Per tornare all’origine di tutto il discorso, l’intervista di Dobrev, come si è più volte sottolineato, non dice abbastanza da un punto di vista pratico ma in compenso dice molto sotto l’ottica di una nuova visuale d’allenamento.

Il professore, a quell’epoca, lanciò un messaggio ante litteram, che era il massimo che poteva fare in una mezz’ora di intervista.

In sintesi, sosteneva questo: voi finora avete percorso una certa strada in maniera automatica perché in tal modo eravate abituati a fare, così vi hanno insegnato e queste sono le esperienze maturate da voi o da altri e che avete potuto raccogliere.
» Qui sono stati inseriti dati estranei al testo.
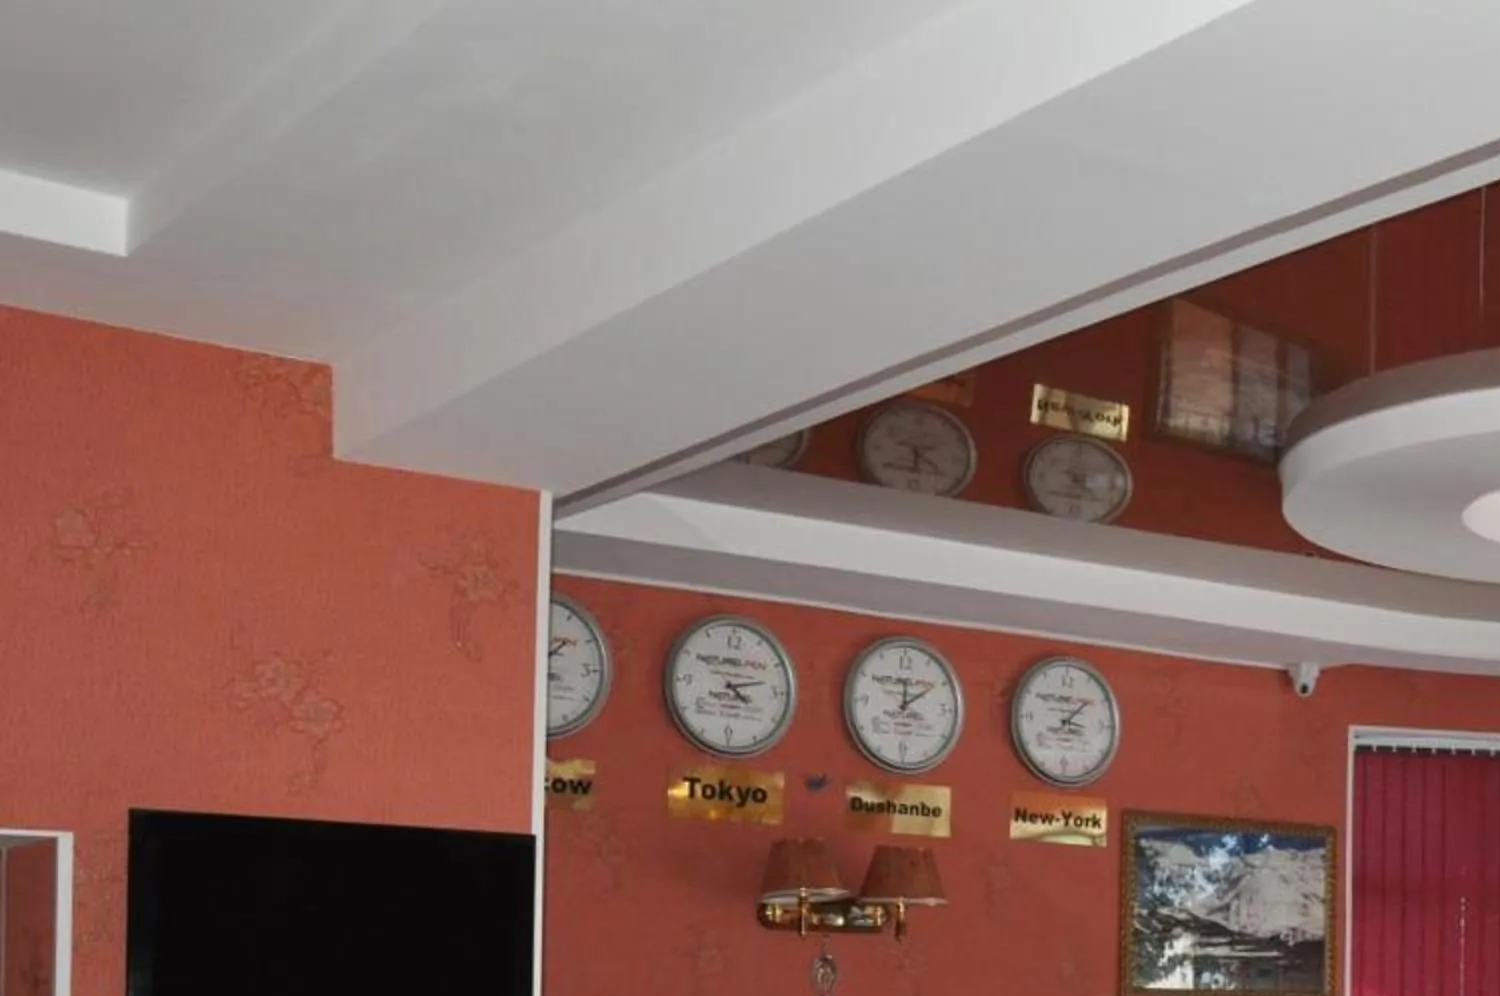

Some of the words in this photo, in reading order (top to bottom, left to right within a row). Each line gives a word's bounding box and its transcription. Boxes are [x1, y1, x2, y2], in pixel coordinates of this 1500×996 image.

Bene, sappiate che esiste anche un’altra filosofia di lavoro, forse estranea alla vostra storia e alla vostra cultura e con la quale non avete avuto, finora, possibilità di venire a contatto; vi fornisco dei principi base non come tecnico privato ma garantiti dalla mia posizione ufficiale di selezionatore di una nazionale e con l’avallo di risultati oggettivi e di alto livello raggiunti.

Sono concetti che voi avreste avuto difficoltà a sperimentare ma non per incapacità o incompetenza bensì semplicemente non avendo sufficiente substrato umano nel vostro paese dedito alla pesistica, ne interesse pubblico così elevato in questa disciplina da permettervi di testare e verificare con elevata percentuale statistica la validità di certe tesi.

Vi metto a disposizione le cognizioni base raggiunte all’attualità su questo metodo come sprone ed incentivo a proseguire la ricerca; non posso calarmi nella vostra realtà ed esemplificare oltre questi discorsi applicandoli in un così breve tempo, a distanza ed ignorando troppi elementi fondamentali e neanche avrebbe senso sciorinarvi la preparazione di atleti di elite bulgari, nel corso della stagione agonistica, estrapolando questa pianificazione da un contesto dal quale non si può prescindere.

Lascio a voi, colleghi del mestiere e quindi – presumibilmente – non del tutto ignari o a digiuno della materia, il compito di sperimentare, verificare e trasfondere in uno o più sistemi organici e definiti la realizzazione pratica di un metodo del quale vi ho lanciato l’esca e per il quale vi ho aperto e segnato la strada.

Tale è appunto la sfida che, in modo tanto scientifico negli studi quanto pragmatico nella sperimentazione sul campo, hanno provato a raccogliere in seguito molti tecnici e ricercatori italiani.